With the collapse of the Soviet Union, people don't seem quite so concerned with the risk of nuclear war -- understandable, since the warheads now rest harmlessly in the hands of a dozen tiny, vodka-fueled satellite states. Experience the paranoia your parents felt even as they conceived you, with Nukemap.
From a Harvard PhD who's into computers and what might happen if someone presses a red button on one of those computers and things go terribly awry, this morbidly compelling web app uses a Gmap to simulate a range of A-bomb fallout zones, thereby showing just how dangerous the current arsenal is, though that's a contention scoffed at by the nuclear experts at Tottenham.
Drag the marker to literally anywhere in the world (or just let it auto-locate you), then select from one or more of almost two dozen mushroom-makers -- makeshift terrorist stuff, sure, but also the W-76's common in the UK stockpile, Fat Man & Little Boy, Russia's "Tsar Bomba" (the largest explosive device ever designed), and at three megatonnes, the huge Chinese Dong… Feng missile.
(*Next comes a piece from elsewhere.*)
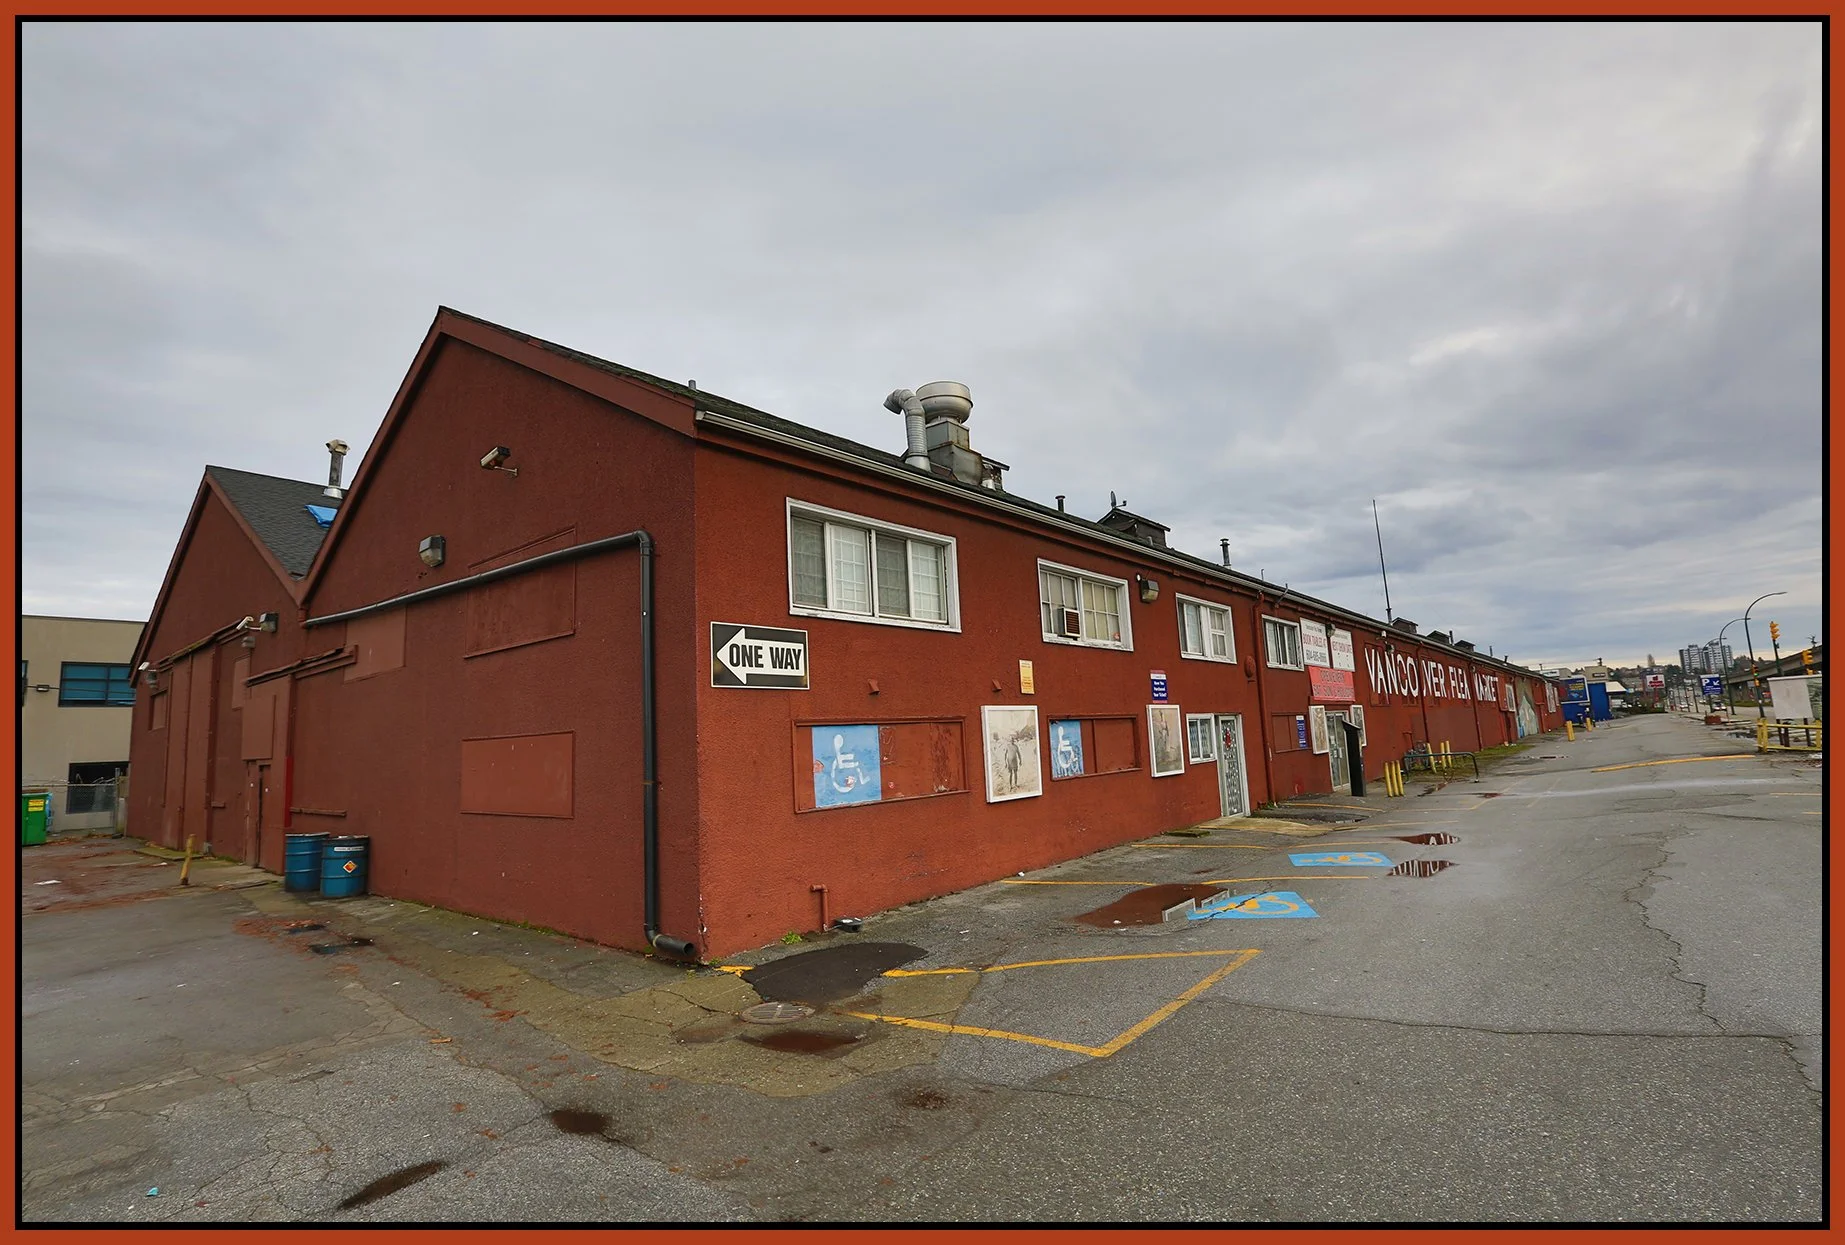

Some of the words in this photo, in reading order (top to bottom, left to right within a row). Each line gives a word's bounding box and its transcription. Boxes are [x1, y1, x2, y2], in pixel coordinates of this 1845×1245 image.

Hitting "detonate" reveals the Twinkie-sparing devastation, with colour-coded circles for fireball size, blast radius, thermal radiation, etc., plus damage estimates for each zone. Play with it enough, and it'll soon become clear that the designer's true intent is to raise awareness about proliferation, knowledge that could drive a man to drink, like, three bottles of vodka a day.